2019年1月14日、5人のオモニたちと朝鮮大学校の学生、現職の朝鮮学校教員を合わせた7名の代表たちが「国連朝鮮学校学生・オモニ代表団」としてスイスはジュネーブへと飛び発ちました。
「子どもの権利委員会」対日本審査(1月16~17日)が開かれる国連の場で各国の審査委員たちに、日本での朝鮮学校に対する差別の実態を知らしめ、再び日本政府への勧告が出されるよう働きかけるためです。
全国の朝鮮学校保護者たちを代表して集ったオモニたちにとって、今回のロビー活動は単なるアピール行動ではありませんでした。2010年から依然として続く「高校無償化」法の適用除外、全国に広がる補助金支給停止や減額などの行政差別、挙句ウリハッキョの幼稚班に通う幼子たちまでも除外されたまま10月から始まる「幼児教育無償化」など、国や行政が主導して行われている差別政策が民族教育の運営状況に深刻な悪影響を及ぼしている現状について情報提供を行って明確に示し、国連委員たち自らが日本政府に対して強く示した通り、これらの事象が子どもたちの「等しく学ぶ権利」を著しく侵害している差別であると再度訴え、再び日本政府への「勧告」を引き出すための重要な役割でした。同委員会による対日審査は、1998年、2004年、2010年に次ぎ今回が4回目です。前回から数えて約9年ぶりの開催となりました。
二日間に及ぶ「対日審査」を通じて、あでやかなチマチョゴリに身を包み、審査会場である国連高等弁務官事務所で委員たちに資料提供を積極的に行うなどオモニたちの能動的な働きかけが、国連委員たちの認識に大きな影響を与える成果を収めた反面、日本政府の代表として質問に答えた文部科学省、厚生労働省、法務省の役人たちの態度は依然として無責任極まるものでした。
17日、南アフリカのスケルトン委員からなされた「2013年に社会権規約委員会が『高校無償化』制度を朝鮮学校に通う子どもたちにも拡大することによって教育に関する差別に対処するよう求めているが、他の人権条約委員会からの勧告に対処するため、どのような策が施されたのか」という質問に対し、文科省の代表は「「無償化制度は対象となる生徒を日本国籍に限定していない。日本国内に在住している朝鮮籍を含めた外国籍の生徒も含まれている。支援の内容も日本国籍の生徒と全く同じ内容であり、外国人学校に生徒が通う場合であっても法令に定める要件を満たしていれば支給対象となる。朝鮮学校については当時の法令によって定められた審査基準に適合すると認めるに至らなかったため無償化支給対象の指定にならなかった。あくまで法令に沿って判断したものであって、朝鮮学校に通う生徒たちの国籍によって差別したものではない。今後、朝鮮学校が法令で定める要件を満たせば、支給対象となる」などと、木で鼻をくくったような回答を繰り返すのみでした。
あくまでも事実を無視し、頑なに「差別ではない」と強弁する日本政府の代表団の回答に国連委員たちは懸念を表しました。日本国内メディアの反応も、政府が国連から度重なる「勧告」を受けているにも関わらず低調なものに終わりました。以下に、NHKによる数少ない記事の一つを引用します。

NHK  News Web

授業料無償化の朝鮮学校対象外 日本政府「差別には当たらず」

スイスで行われた子どもの権利委員会で、日本にある朝鮮学校が高校の授業料を実質的に無償化する制度の対象外とされていることについて、委員から質問があり、日本政府は、法令にのっとって判断したものであり、差別には当たらないと説明しました。

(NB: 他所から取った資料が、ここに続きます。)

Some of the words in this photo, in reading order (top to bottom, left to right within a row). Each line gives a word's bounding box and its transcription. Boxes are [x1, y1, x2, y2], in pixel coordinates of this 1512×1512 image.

国連総会で採択された「子どもの権利条約」に基づいて設置されている権利委員会は、条約を批准している国の人権状況を調べる委員会をジュネーブで開き、16日から2日間にわたって日本について審査しました。

この中で委員の1人が、日本にある朝鮮学校が高校の授業料を実質的に無償化する制度の対象外とされていることについて「問題解決を求める声は国連の委員会でも上がっているが、何らかの対策をとっているのか」と質問しました。

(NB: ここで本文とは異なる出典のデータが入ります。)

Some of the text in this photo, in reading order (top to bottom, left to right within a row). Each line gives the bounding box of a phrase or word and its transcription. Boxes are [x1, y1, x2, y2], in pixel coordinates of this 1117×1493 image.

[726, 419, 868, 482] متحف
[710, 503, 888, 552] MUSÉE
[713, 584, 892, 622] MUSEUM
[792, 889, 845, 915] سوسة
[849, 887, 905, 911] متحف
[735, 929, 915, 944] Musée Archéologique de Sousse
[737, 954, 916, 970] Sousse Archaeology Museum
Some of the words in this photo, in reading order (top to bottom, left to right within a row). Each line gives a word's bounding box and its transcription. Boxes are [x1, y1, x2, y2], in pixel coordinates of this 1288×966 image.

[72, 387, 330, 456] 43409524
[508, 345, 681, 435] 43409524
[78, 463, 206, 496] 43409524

これに対し、文部科学省の担当者は「朝鮮学校は、当時の法令にのっとって定められた審査基準に適合すると認められず、無償化の対象にならなかった。生徒の国籍を理由とした差別には当たらず、今後、法令で定める要件を満たせば対象となる」と説明していました。

文部科学省によりますと、制度が始まってからこれまでに、外国人学校42校を実質無償化の対象として認めた一方、朝鮮学校10校は対象外としていて、元生徒たちが国を訴える裁判も起きています。

会場には、子どもが朝鮮学校に通う保護者なども傍聴に訪れ、熱心に聴いていました。委員会では今回の審査を踏まえて、来月上旬に日本への勧告を行うことになっています。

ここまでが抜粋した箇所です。